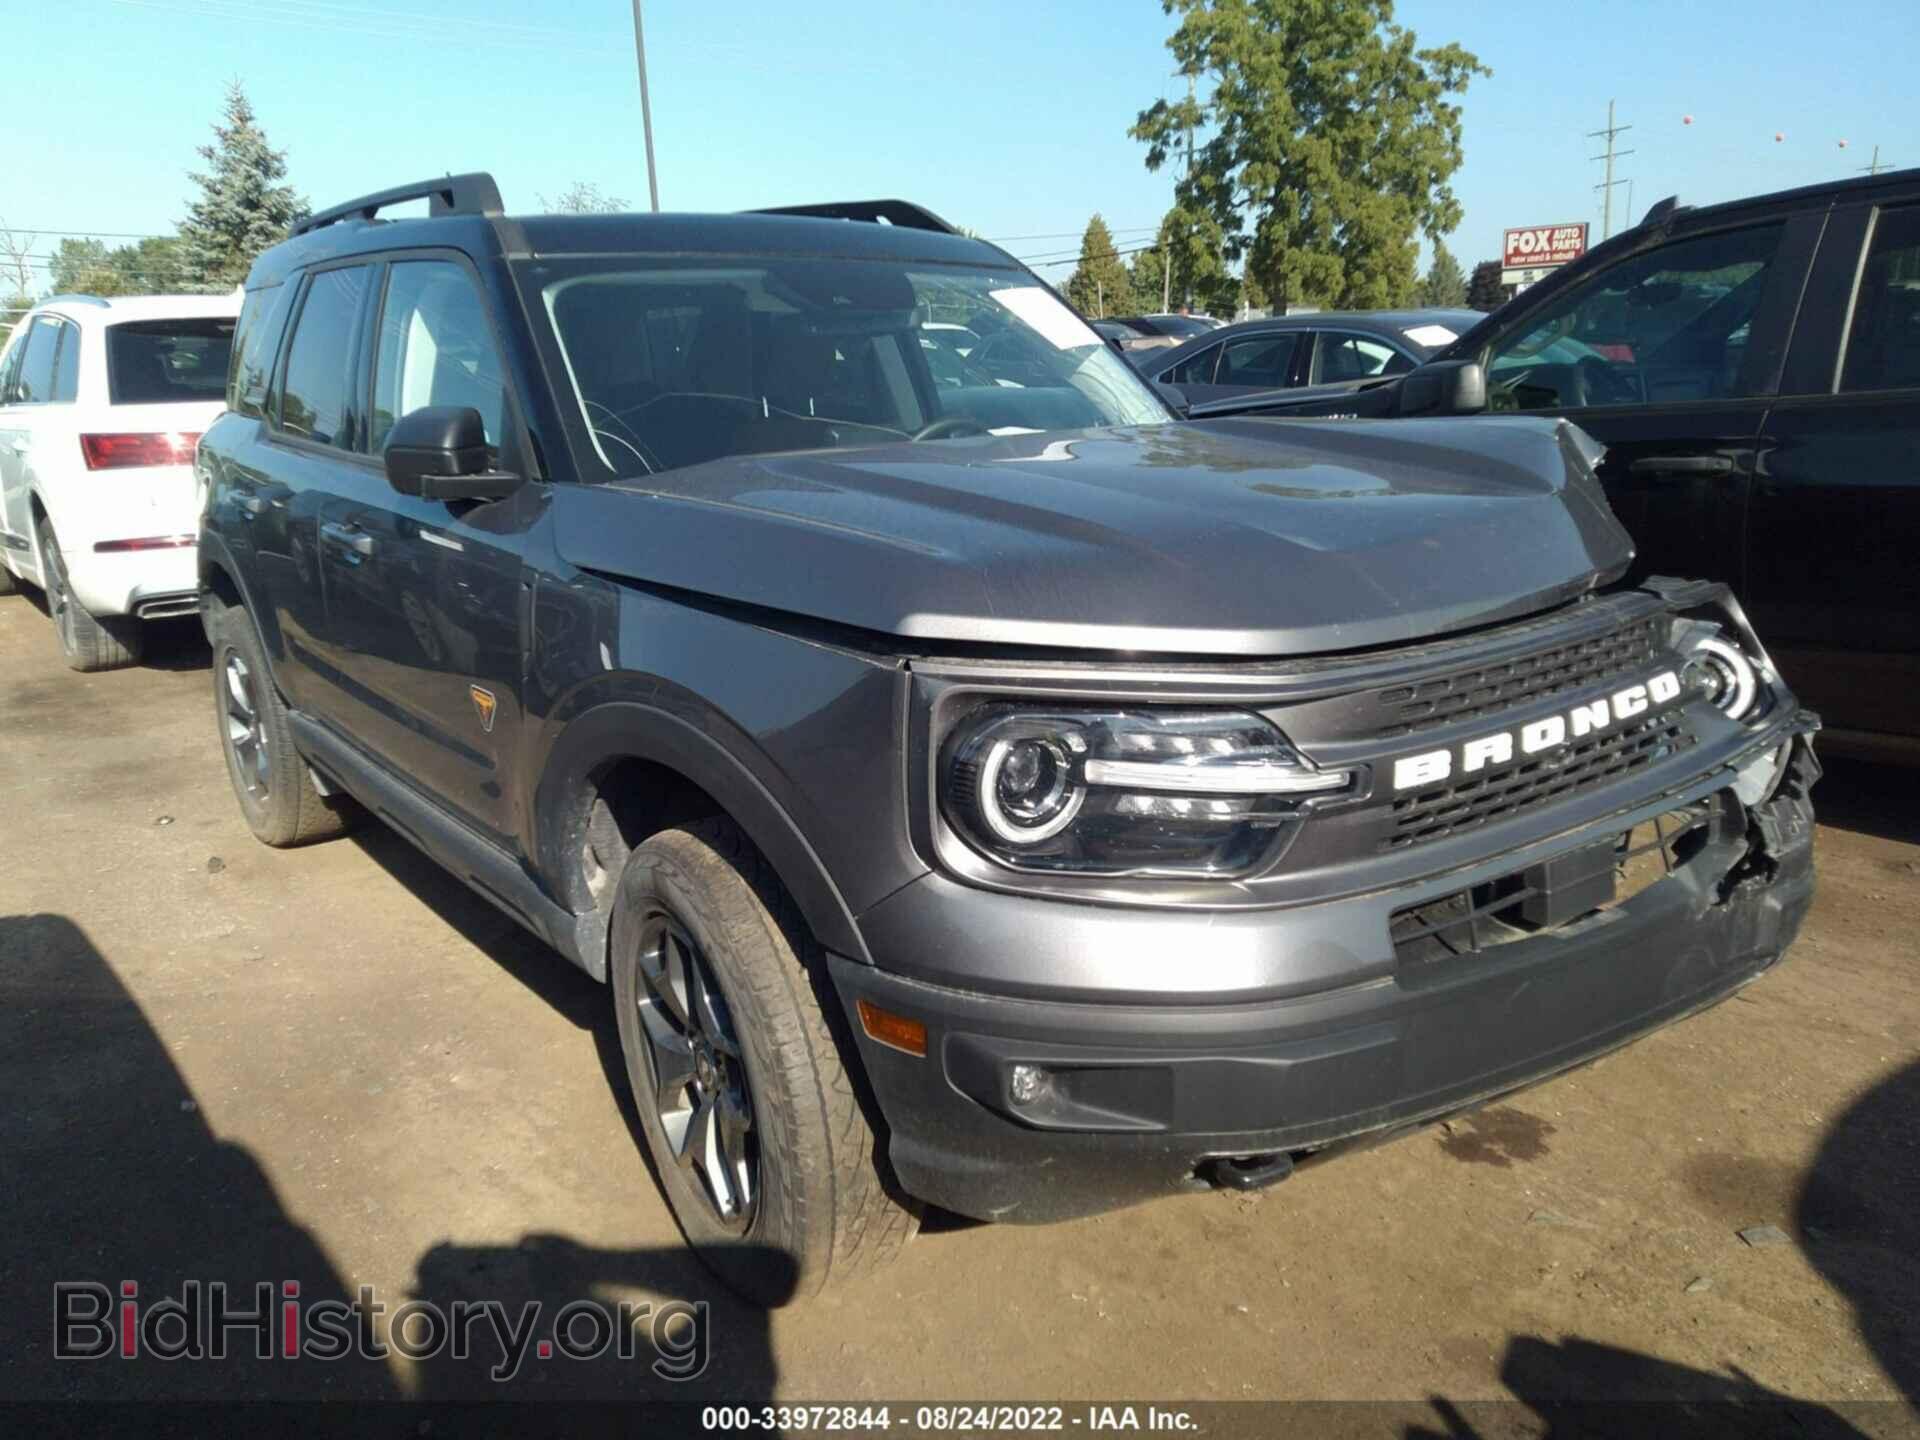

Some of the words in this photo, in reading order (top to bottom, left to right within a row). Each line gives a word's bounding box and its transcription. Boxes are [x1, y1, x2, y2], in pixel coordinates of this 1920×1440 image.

[1507, 229, 1551, 255] FOX
[1553, 227, 1580, 240] AUTO
[1552, 239, 1581, 251] PARTS
[1393, 671, 1681, 790] BRONCO

AIM OF THE EXERCISE:
Copy out each line of the data exactly as it reads; skip the pictures.

SOLUTION:
Some of the words in this photo, in reading order (top to bottom, left to right within a row). Each line gives a word's bounding box and its transcription. Boxes are [x1, y1, x2, y2], in pixel coordinates of this 1920×1440 image.

[1507, 229, 1551, 255] FOX
[1553, 227, 1580, 240] AUTO
[1552, 239, 1581, 251] PARTS
[1393, 671, 1681, 790] BRONCO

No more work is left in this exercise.